A wiry 150 pounds, Petraeus barely looked old enough to be out of junior high school. His family had no ties to the Army. His father, Sixtus Petraeus, a Dutch seaman until World War II, when he emigrated to the United States, worked for the local power company. His mother, who had attended Oberlin College, was uncertain about sending her only son into the Army with the Vietnam War still under way. But when West Point became one of the few colleges to recruit him to play soccer, Petraeus decided to give it a try. The full scholarship was attractive to a family of limited means, and if he didn’t like it, he could always transfer before his junior year without owing the Army anything. He made the drive with his parents to the academy in late June and said goodbye, plunging into the chaos of Beast Barracks, the eight-week hazing ordeal plebes are subjected to before classes even start. Dave didn’t have much trouble. He was meticulous and serious, the kind of cadet who knew a lot of the tricks for making life slightly more bearable, like where to send away for anodized brass uniform buttons and belt buckles that would keep their shine indefinitely—sparing you a few minutes of late-night polishing and maybe the unwanted attention from some upperclassman bracing you for not having gleaming buttons.

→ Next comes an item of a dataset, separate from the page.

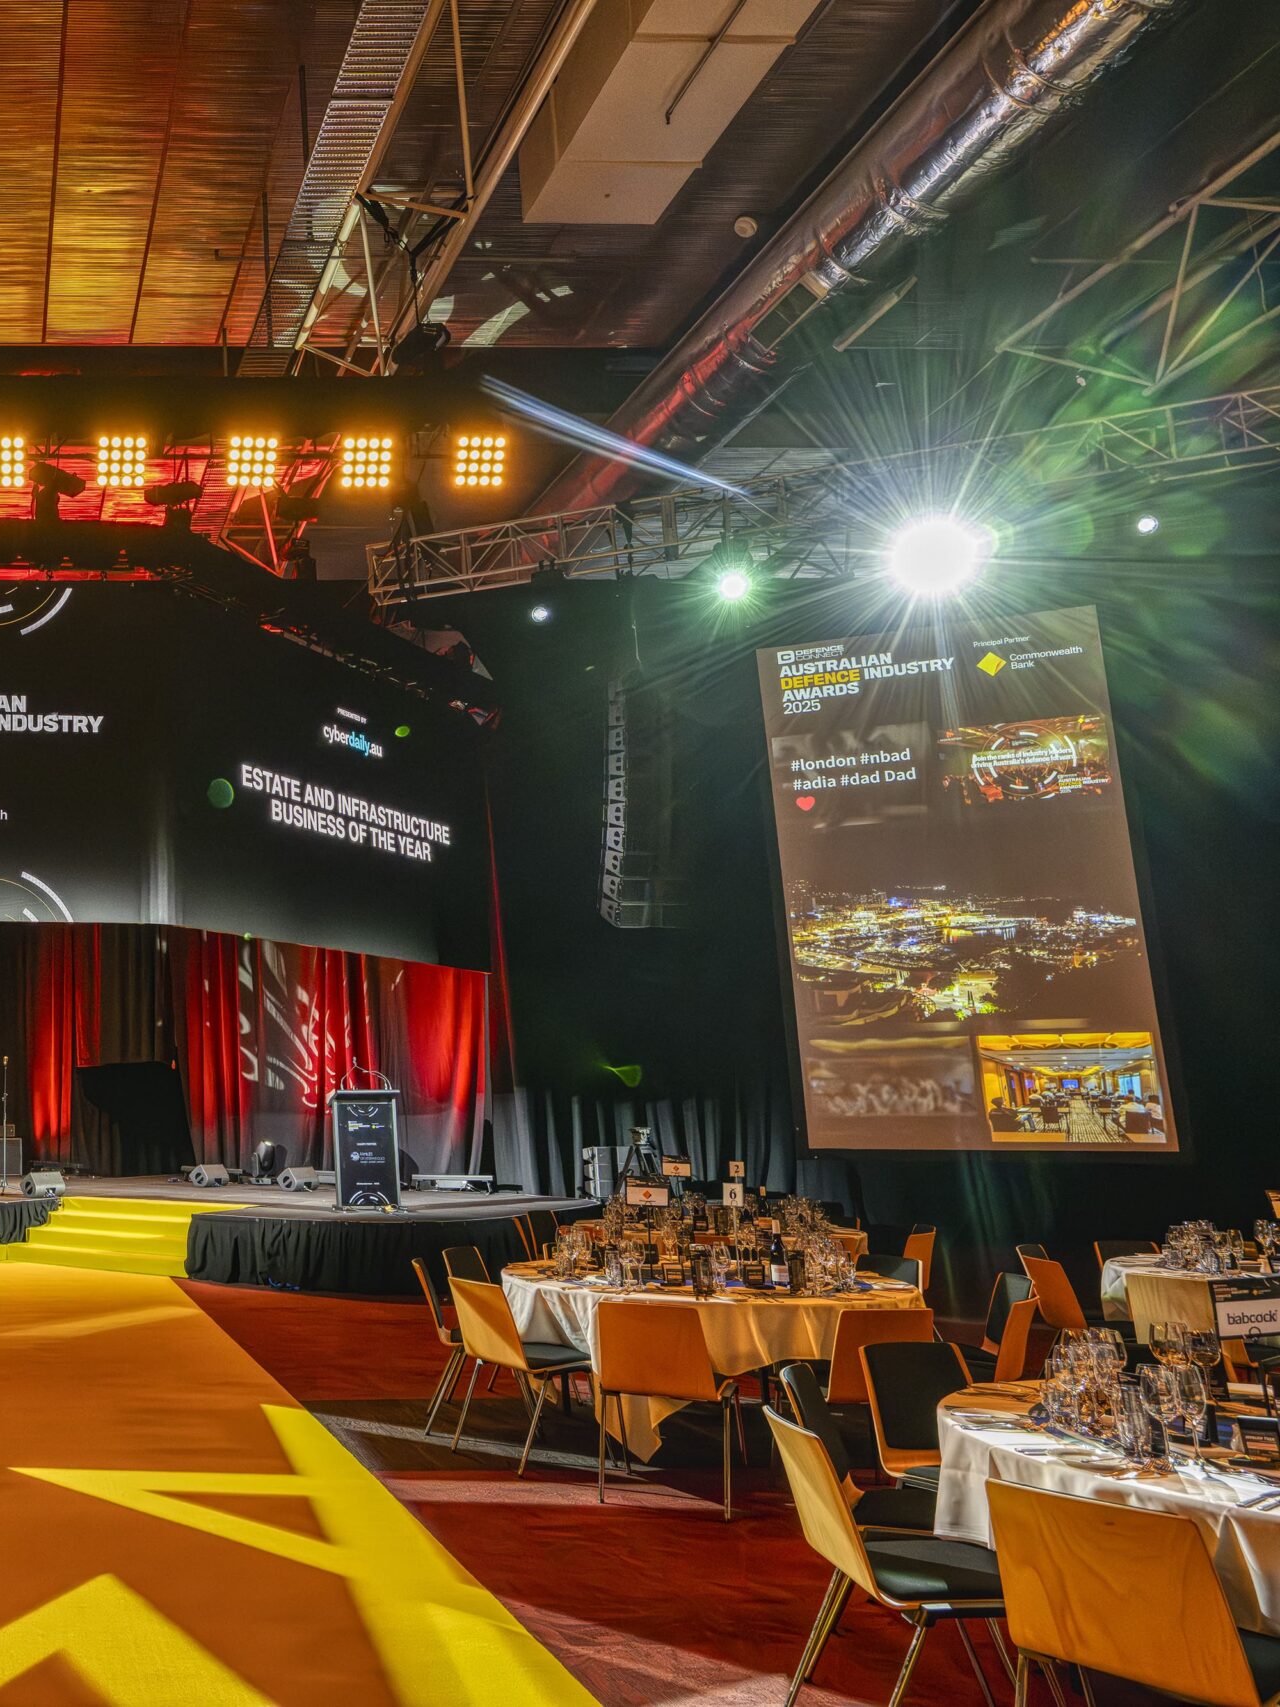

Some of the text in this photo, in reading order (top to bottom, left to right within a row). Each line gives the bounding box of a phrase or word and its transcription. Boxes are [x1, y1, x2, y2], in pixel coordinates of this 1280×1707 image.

He did well during his plebe year but not spectacularly, earning a class rank of 161st out of more than 800 classmates. “I thought, ‘Okay, he’s like me, an A or B student,’” recalled Dave Buto, one of his plebe-year roommates. “But his second year he took off.” Petraeus raised his class rank into the sixties. He gravitated toward others like him—hypercompetitive guys who enjoyed pushing each other to do better. At West Point, where cadets were ranked, graded, and assessed every day of their four years, he was in his element. The first time he went for a run around campus with his roommate, Chris White, they started out at a moderate jog, but the pace kept increasing, until after about five miles both of them were running flat out, neither wanting to admit he could not keep up. They finally pulled up outside the dormitory, panting and exhausted. “You’re insane. I’m never running with you again,” White said, more than a little serious. “I wanted to slow down, but you kept speeding up,” Petraeus answered, grinning.

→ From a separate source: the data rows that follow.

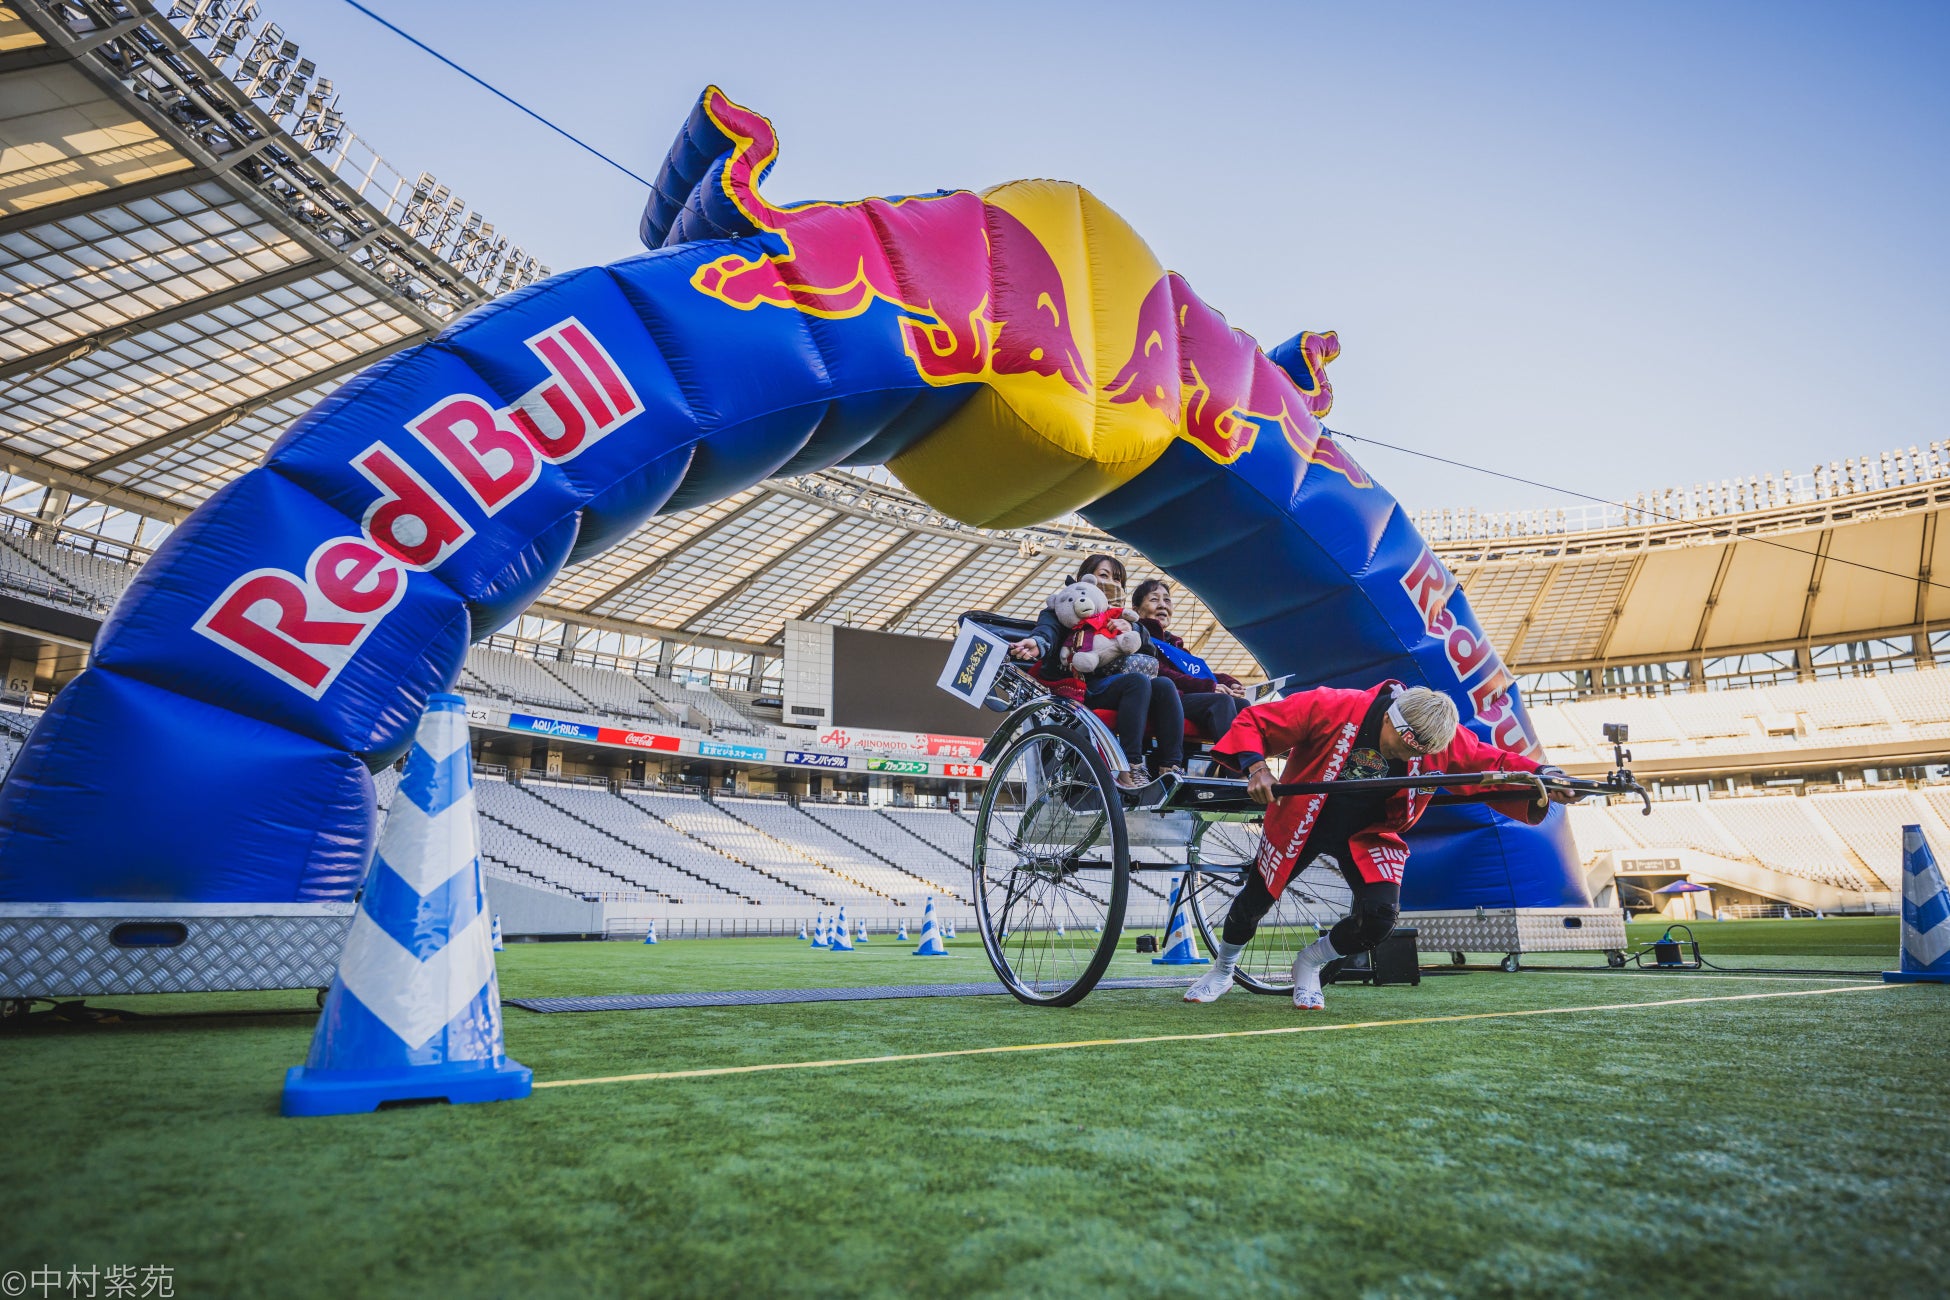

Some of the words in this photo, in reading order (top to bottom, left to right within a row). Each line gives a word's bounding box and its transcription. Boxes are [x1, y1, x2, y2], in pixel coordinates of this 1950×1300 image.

[192, 440, 476, 701] Red
[403, 315, 646, 518] Bull
[10, 678, 28, 691] 65
[531, 719, 580, 736] AQUARIUS
[625, 732, 656, 747] Coca-Cola
[854, 739, 907, 750] AJINOMOTO
[702, 746, 764, 759] 東京ビジネスサービス
[801, 754, 846, 767] アミノバイタル
[884, 761, 927, 773] カップスープ
[549, 764, 559, 773] 61

Petraeus wanted to go even faster. White told him that the Army paid to send the eight top graduates of the military academy every year to medical
school on scholarship. His roommate was going for it, so Petraeus decided he would, too. Not because he had decided he wanted to be a doctor, but because aiming for the top appealed to him. It was even more exclusive than being a “Star Man,” a cadet who was entitled to wear a small star on his collar for finishing in the top 5 percent of his class. Though room assignments rotated every three months, Petraeus and White received permission to be roommates several times during their second and third years. Almost every night they requested “late lights,” permission to stay up an hour past the ten o’ clock curfew, so they could study an hour longer before racking out. Petraeus made every second count. He persuaded his roommate to stop taking showers before bed, arguing it was more efficient to get up a few minutes early than to waste precious study time at night. When he got tired, Petraeus walked in circles in his dorm room to prevent himself from falling asleep.

He made a perfunctory call that spring to another nearby college to see if they were interested in offering him an athletic scholarship, but by then he had pretty much decided to stay on at West Point. As time went on, other cadets noticed that Petraeus became more and more serious about all aspects of cadet life—academics, military training, and the little details that separated the guys who were intent on excelling from those who resented the academy’s tyrannies and just wanted to make it through.